Results : A total of 168 patients were involved in the study , of which 84 cases were performed in painless wards and 84 in painless wards . There was no significant difference in age , sex , culture , nationality , marital status , payment mode and place of residence ( P0.05 ) . The results were as follows :
Pain scores of the two groups were evaluated 30 minutes prior to operation : ( 1.18 - 0.88 ) in the anterior group of painless ward and ( 1.19 鹵 0.86 ) in the non - painful ward , and no difference was found between the two groups ( P . 05 ) .
The pain scores of the two groups were ( 2.92 鹵 1.50 ) and ( 2.92 鹵 1.50 ) after 24 - hour post - operative pain , and ( 2.92 鹵 1.50 ) in the patients with painless ward .

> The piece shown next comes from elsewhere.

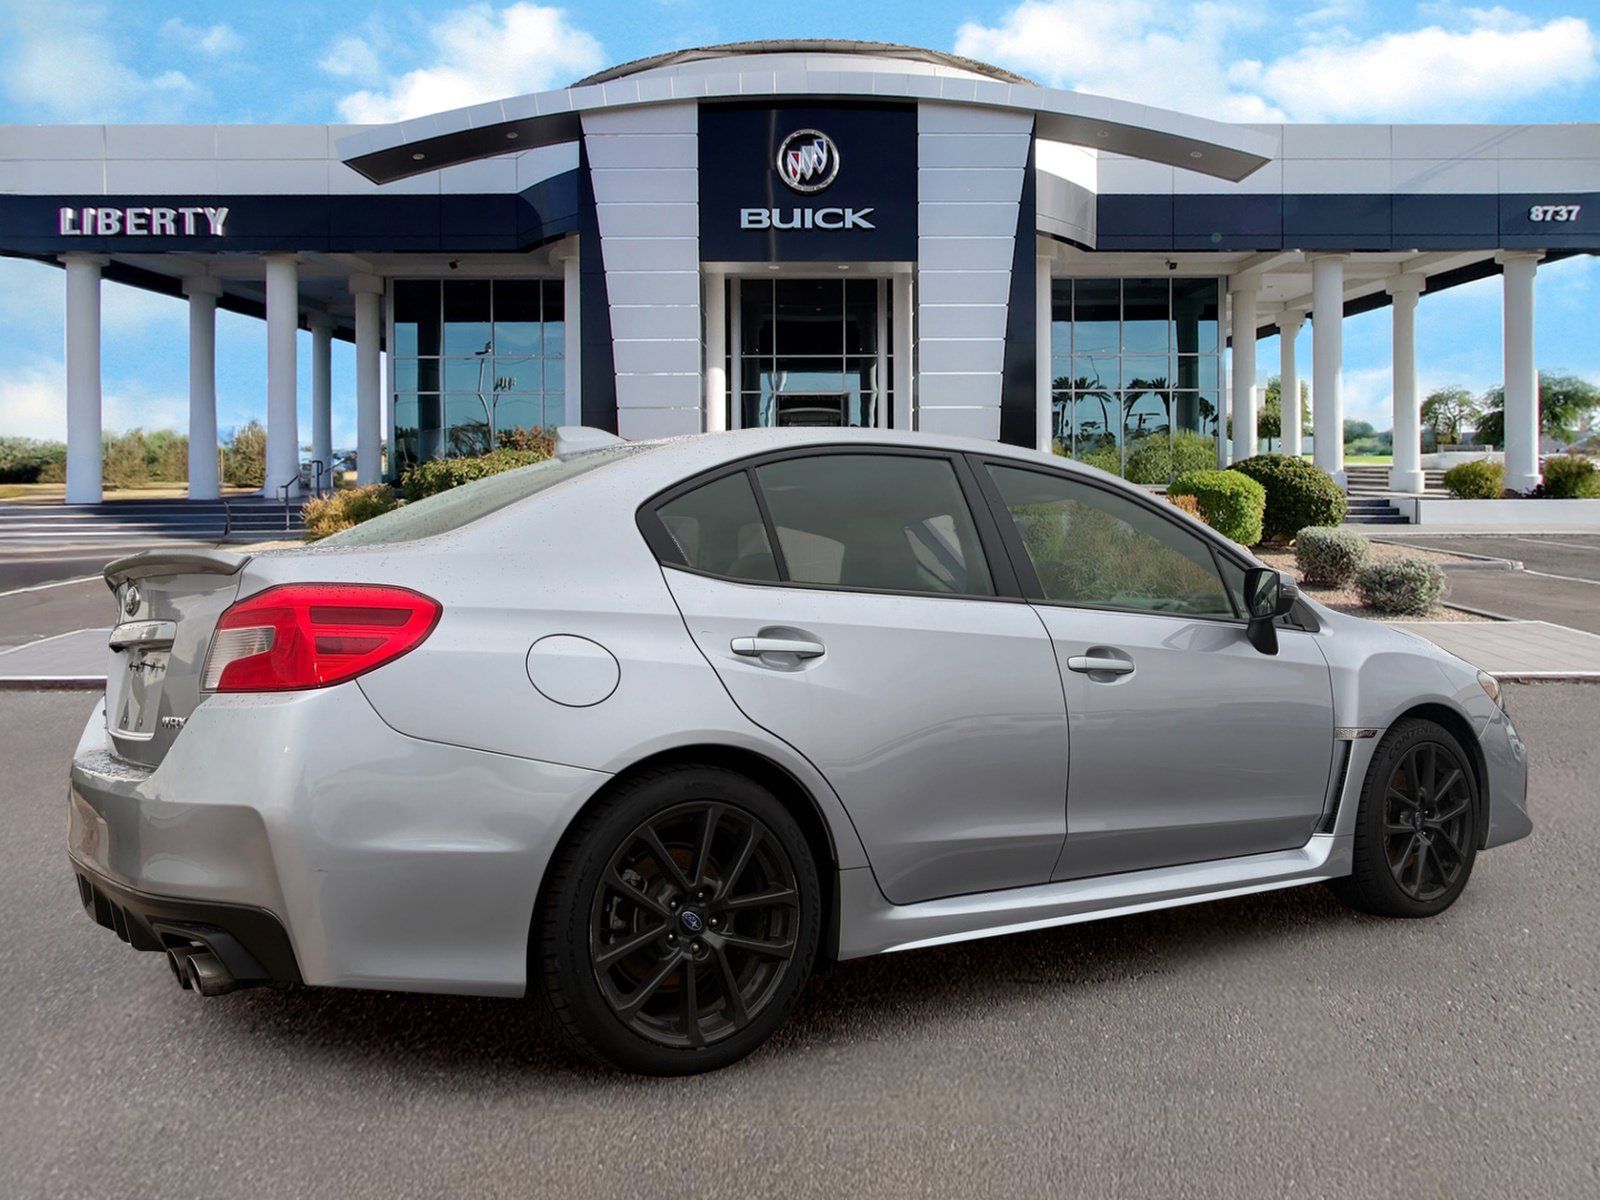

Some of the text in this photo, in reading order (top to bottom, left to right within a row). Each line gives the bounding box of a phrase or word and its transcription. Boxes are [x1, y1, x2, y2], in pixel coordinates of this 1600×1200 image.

The scores of pain nursing satisfaction were compared between the two groups : the score of the former group of painless ward was ( 76.89 鹵 10.21 ) , the score of the group after painless ward was ( 76.89 鹵 10.08 ) , the score of the post - painless ward group was ( 19.70 鹵 3.39 ) , the score of the post - painless ward group ( 19.68 鹵 3.570 ) was performed , and the difference was statistically significant ( PO.05 ) .
4 of 84 patients had acute pancreatitis after operation without pain ward , 2 of them were treated with surgical treatment and 2 cases were treated with conservative treatment .
There were 8 patients who had postoperative analgesia .
After the painless ward , 84 patients , 2 patients with post - operative acute pancreatitis , were treated with conservative treatment .
Four patients had postoperative analgesia .
Conclusion : Carrying out painless ward can significantly reduce the postoperative pain intensity in patients with bile duct stone .
Carrying out painless ward can significantly improve the patient ' s pain nursing satisfaction in patients with bile duct stone .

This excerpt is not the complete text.